Task description: When you retype the data, keep every line exactly as it appears.
** Dataset content follows **
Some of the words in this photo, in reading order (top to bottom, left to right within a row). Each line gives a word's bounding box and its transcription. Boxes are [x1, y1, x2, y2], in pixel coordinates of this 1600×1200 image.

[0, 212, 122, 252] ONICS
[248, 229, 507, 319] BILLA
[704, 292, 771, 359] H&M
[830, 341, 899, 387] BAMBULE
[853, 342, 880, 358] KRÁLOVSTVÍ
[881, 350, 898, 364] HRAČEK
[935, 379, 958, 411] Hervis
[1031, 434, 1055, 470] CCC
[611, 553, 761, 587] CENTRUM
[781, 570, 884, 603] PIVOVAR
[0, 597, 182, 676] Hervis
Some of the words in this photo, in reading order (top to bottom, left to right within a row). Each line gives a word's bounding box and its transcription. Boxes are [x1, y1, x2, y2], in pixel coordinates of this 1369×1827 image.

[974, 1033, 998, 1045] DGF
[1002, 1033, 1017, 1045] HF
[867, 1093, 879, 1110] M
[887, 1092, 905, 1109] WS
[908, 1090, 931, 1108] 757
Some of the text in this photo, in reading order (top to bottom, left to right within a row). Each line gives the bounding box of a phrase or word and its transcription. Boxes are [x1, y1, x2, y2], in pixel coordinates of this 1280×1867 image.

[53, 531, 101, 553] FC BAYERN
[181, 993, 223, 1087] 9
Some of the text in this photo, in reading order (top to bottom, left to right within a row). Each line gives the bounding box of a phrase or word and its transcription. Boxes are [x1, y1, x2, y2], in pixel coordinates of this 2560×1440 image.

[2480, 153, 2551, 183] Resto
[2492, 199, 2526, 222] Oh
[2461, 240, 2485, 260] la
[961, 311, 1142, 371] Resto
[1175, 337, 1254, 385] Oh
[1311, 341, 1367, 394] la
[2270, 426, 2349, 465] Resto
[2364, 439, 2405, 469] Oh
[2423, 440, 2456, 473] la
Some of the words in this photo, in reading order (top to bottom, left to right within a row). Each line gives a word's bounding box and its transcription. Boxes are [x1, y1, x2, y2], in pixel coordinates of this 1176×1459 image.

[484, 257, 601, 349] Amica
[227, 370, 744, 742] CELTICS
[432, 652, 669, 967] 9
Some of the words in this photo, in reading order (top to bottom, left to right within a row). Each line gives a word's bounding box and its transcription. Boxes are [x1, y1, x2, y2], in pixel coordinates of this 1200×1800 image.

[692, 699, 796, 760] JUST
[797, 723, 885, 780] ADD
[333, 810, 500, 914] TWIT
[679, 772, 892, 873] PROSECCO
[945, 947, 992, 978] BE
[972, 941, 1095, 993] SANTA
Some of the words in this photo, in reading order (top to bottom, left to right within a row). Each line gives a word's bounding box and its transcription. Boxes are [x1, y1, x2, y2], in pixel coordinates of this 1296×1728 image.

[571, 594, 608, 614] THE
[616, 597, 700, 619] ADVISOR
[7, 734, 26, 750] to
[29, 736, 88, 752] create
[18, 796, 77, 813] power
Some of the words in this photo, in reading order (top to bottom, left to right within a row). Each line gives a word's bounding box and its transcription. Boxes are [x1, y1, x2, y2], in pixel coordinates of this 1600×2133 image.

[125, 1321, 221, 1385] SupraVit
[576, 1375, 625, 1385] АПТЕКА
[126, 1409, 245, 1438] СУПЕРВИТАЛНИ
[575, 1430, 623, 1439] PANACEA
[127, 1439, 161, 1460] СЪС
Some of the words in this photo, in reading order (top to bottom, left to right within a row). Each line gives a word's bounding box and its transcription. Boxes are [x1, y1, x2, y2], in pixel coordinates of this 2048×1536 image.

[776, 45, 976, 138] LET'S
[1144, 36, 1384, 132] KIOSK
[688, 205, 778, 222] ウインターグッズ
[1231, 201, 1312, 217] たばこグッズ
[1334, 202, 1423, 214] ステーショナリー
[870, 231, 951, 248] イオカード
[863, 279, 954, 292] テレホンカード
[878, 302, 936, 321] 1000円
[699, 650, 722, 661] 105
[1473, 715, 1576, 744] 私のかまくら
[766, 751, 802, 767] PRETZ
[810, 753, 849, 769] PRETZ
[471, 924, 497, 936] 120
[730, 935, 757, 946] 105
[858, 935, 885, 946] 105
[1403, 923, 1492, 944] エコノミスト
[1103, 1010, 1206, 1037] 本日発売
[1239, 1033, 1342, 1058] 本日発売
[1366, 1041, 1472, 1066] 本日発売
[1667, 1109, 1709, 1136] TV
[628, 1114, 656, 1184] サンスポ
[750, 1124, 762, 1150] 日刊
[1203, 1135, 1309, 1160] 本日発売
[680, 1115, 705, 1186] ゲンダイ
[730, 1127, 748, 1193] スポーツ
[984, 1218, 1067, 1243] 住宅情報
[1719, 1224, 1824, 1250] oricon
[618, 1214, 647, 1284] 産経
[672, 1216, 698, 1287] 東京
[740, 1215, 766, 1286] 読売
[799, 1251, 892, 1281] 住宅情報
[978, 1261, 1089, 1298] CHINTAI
** End of Dataset content **
Task answer:
Some of the words in this photo, in reading order (top to bottom, left to right within a row). Each line gives a word's bounding box and its transcription. Boxes are [x1, y1, x2, y2], in pixel coordinates of this 1600×1200 image.

[0, 212, 122, 252] ONICS
[248, 229, 507, 319] BILLA
[704, 292, 771, 359] H&M
[830, 341, 899, 387] BAMBULE
[853, 342, 880, 358] KRÁLOVSTVÍ
[881, 350, 898, 364] HRAČEK
[935, 379, 958, 411] Hervis
[1031, 434, 1055, 470] CCC
[611, 553, 761, 587] CENTRUM
[781, 570, 884, 603] PIVOVAR
[0, 597, 182, 676] Hervis
Some of the words in this photo, in reading order (top to bottom, left to right within a row). Each line gives a word's bounding box and its transcription. Boxes are [x1, y1, x2, y2], in pixel coordinates of this 1369×1827 image.

[974, 1033, 998, 1045] DGF
[1002, 1033, 1017, 1045] HF
[867, 1093, 879, 1110] M
[887, 1092, 905, 1109] WS
[908, 1090, 931, 1108] 757
Some of the text in this photo, in reading order (top to bottom, left to right within a row). Each line gives the bounding box of a phrase or word and its transcription. Boxes are [x1, y1, x2, y2], in pixel coordinates of this 1280×1867 image.

[53, 531, 101, 553] FC BAYERN
[181, 993, 223, 1087] 9
Some of the text in this photo, in reading order (top to bottom, left to right within a row). Each line gives the bounding box of a phrase or word and its transcription. Boxes are [x1, y1, x2, y2], in pixel coordinates of this 2560×1440 image.

[2480, 153, 2551, 183] Resto
[2492, 199, 2526, 222] Oh
[2461, 240, 2485, 260] la
[961, 311, 1142, 371] Resto
[1175, 337, 1254, 385] Oh
[1311, 341, 1367, 394] la
[2270, 426, 2349, 465] Resto
[2364, 439, 2405, 469] Oh
[2423, 440, 2456, 473] la
Some of the words in this photo, in reading order (top to bottom, left to right within a row). Each line gives a word's bounding box and its transcription. Boxes are [x1, y1, x2, y2], in pixel coordinates of this 1176×1459 image.

[484, 257, 601, 349] Amica
[227, 370, 744, 742] CELTICS
[432, 652, 669, 967] 9
Some of the words in this photo, in reading order (top to bottom, left to right within a row). Each line gives a word's bounding box and its transcription. Boxes are [x1, y1, x2, y2], in pixel coordinates of this 1200×1800 image.

[692, 699, 796, 760] JUST
[797, 723, 885, 780] ADD
[333, 810, 500, 914] TWIT
[679, 772, 892, 873] PROSECCO
[945, 947, 992, 978] BE
[972, 941, 1095, 993] SANTA
Some of the words in this photo, in reading order (top to bottom, left to right within a row). Each line gives a word's bounding box and its transcription. Boxes are [x1, y1, x2, y2], in pixel coordinates of this 1296×1728 image.

[571, 594, 608, 614] THE
[616, 597, 700, 619] ADVISOR
[7, 734, 26, 750] to
[29, 736, 88, 752] create
[18, 796, 77, 813] power
Some of the words in this photo, in reading order (top to bottom, left to right within a row). Each line gives a word's bounding box and its transcription. Boxes are [x1, y1, x2, y2], in pixel coordinates of this 1600×2133 image.

[125, 1321, 221, 1385] SupraVit
[576, 1375, 625, 1385] АПТЕКА
[126, 1409, 245, 1438] СУПЕРВИТАЛНИ
[575, 1430, 623, 1439] PANACEA
[127, 1439, 161, 1460] СЪС
Some of the words in this photo, in reading order (top to bottom, left to right within a row). Each line gives a word's bounding box and its transcription. Boxes are [x1, y1, x2, y2], in pixel coordinates of this 2048×1536 image.

[776, 45, 976, 138] LET'S
[1144, 36, 1384, 132] KIOSK
[688, 205, 778, 222] ウインターグッズ
[1231, 201, 1312, 217] たばこグッズ
[1334, 202, 1423, 214] ステーショナリー
[870, 231, 951, 248] イオカード
[863, 279, 954, 292] テレホンカード
[878, 302, 936, 321] 1000円
[699, 650, 722, 661] 105
[1473, 715, 1576, 744] 私のかまくら
[766, 751, 802, 767] PRETZ
[810, 753, 849, 769] PRETZ
[471, 924, 497, 936] 120
[730, 935, 757, 946] 105
[858, 935, 885, 946] 105
[1403, 923, 1492, 944] エコノミスト
[1103, 1010, 1206, 1037] 本日発売
[1239, 1033, 1342, 1058] 本日発売
[1366, 1041, 1472, 1066] 本日発売
[1667, 1109, 1709, 1136] TV
[628, 1114, 656, 1184] サンスポ
[750, 1124, 762, 1150] 日刊
[1203, 1135, 1309, 1160] 本日発売
[680, 1115, 705, 1186] ゲンダイ
[730, 1127, 748, 1193] スポーツ
[984, 1218, 1067, 1243] 住宅情報
[1719, 1224, 1824, 1250] oricon
[618, 1214, 647, 1284] 産経
[672, 1216, 698, 1287] 東京
[740, 1215, 766, 1286] 読売
[799, 1251, 892, 1281] 住宅情報
[978, 1261, 1089, 1298] CHINTAI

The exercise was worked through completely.